Saved data entries:
::::

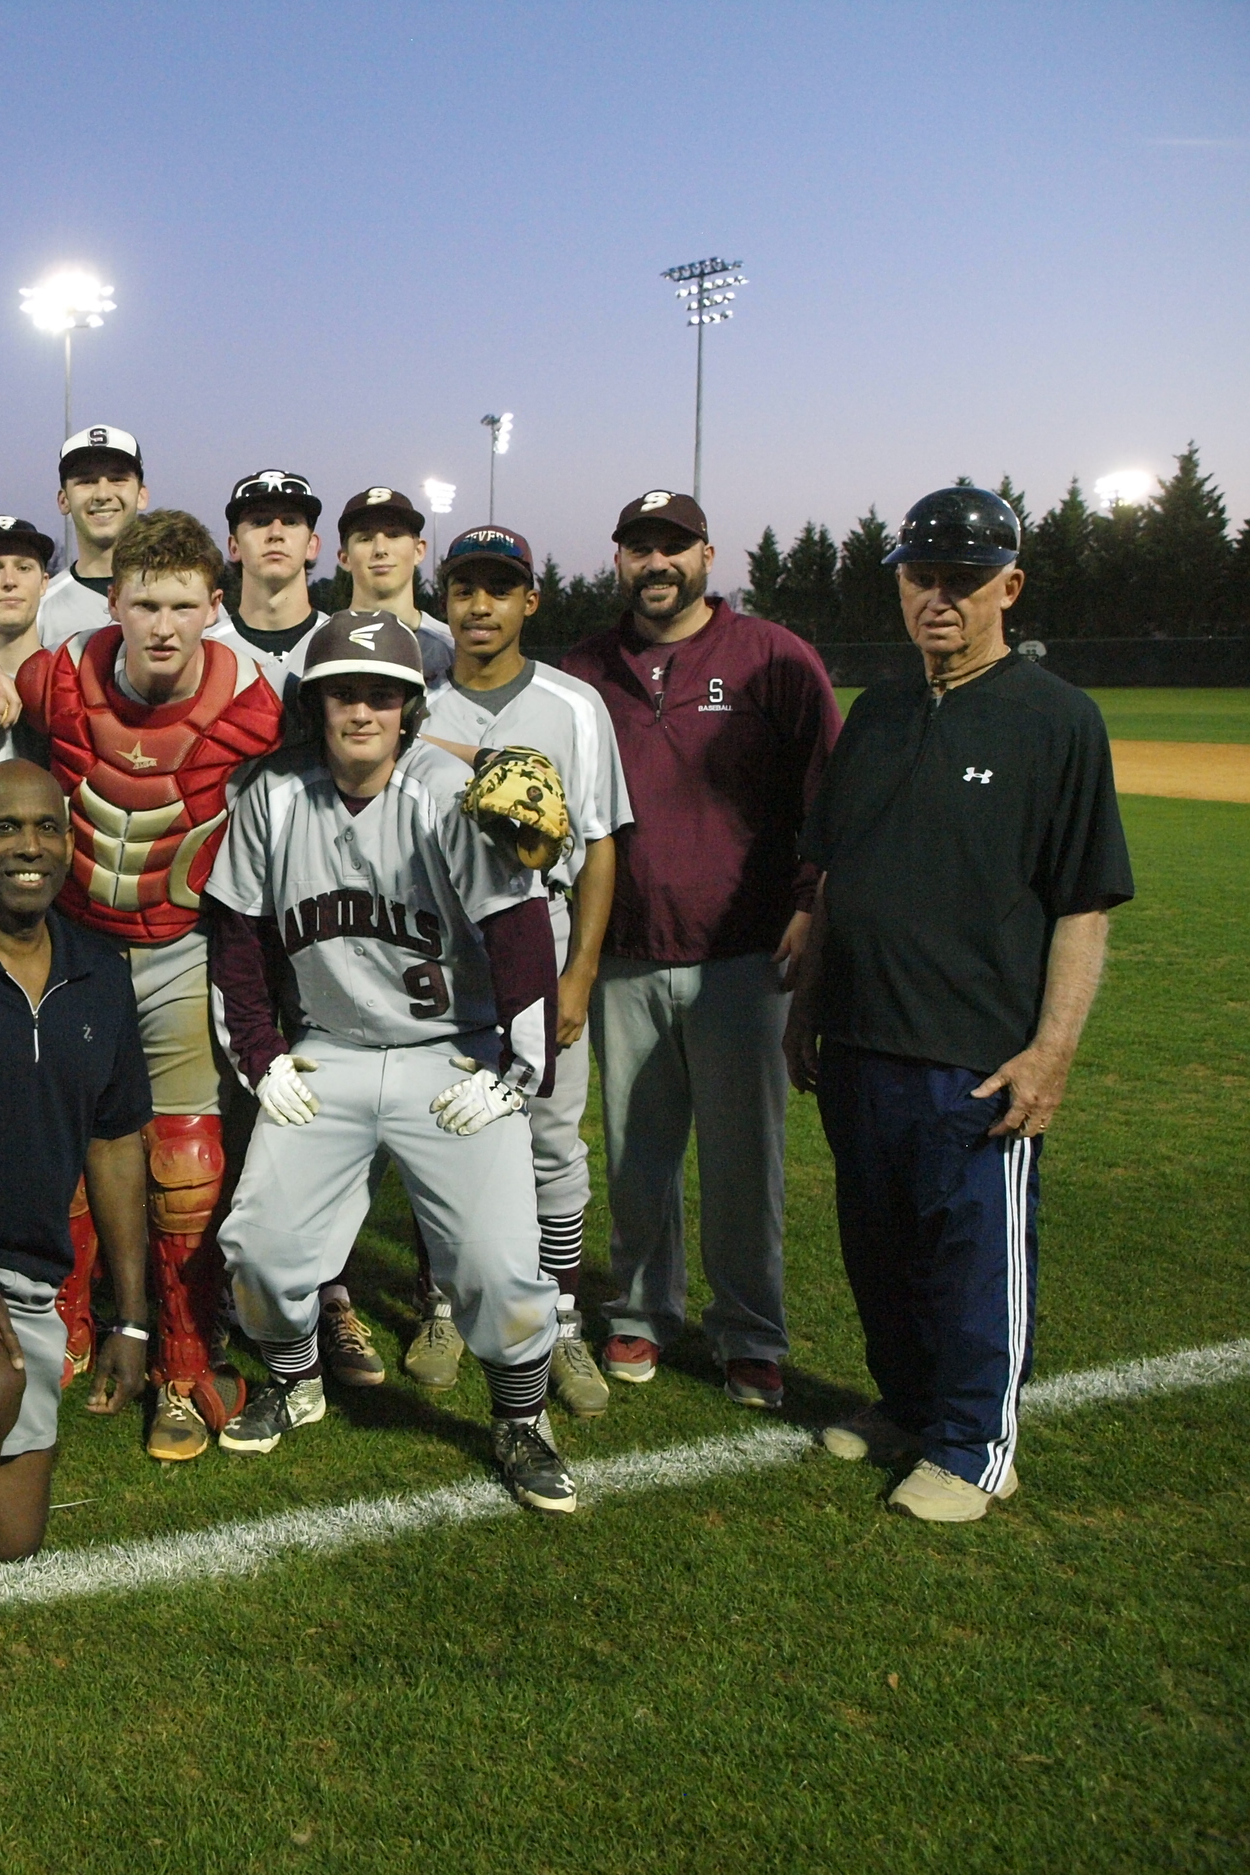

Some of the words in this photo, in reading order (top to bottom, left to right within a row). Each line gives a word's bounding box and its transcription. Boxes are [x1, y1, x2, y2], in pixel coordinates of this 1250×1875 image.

[89, 428, 108, 446] S
[366, 487, 393, 505] S
[640, 492, 672, 512] S
[709, 678, 724, 703] S
[697, 704, 734, 712] BASEBALL
[285, 887, 442, 959] ADMIRALS
[402, 959, 450, 1019] 9

::::

## TASK GOAL
Only the text of the records belongs in the answer, printed exactly and without pictures.

## ANSWER SPACE
Some of the words in this photo, in reading order (top to bottom, left to right within a row). Each line gives a word's bounding box and its transcription. Boxes are [x1, y1, x2, y2], in pixel coordinates of this 1250×1875 image.

[89, 428, 108, 446] S
[366, 487, 393, 505] S
[640, 492, 672, 512] S
[709, 678, 724, 703] S
[697, 704, 734, 712] BASEBALL
[285, 887, 442, 959] ADMIRALS
[402, 959, 450, 1019] 9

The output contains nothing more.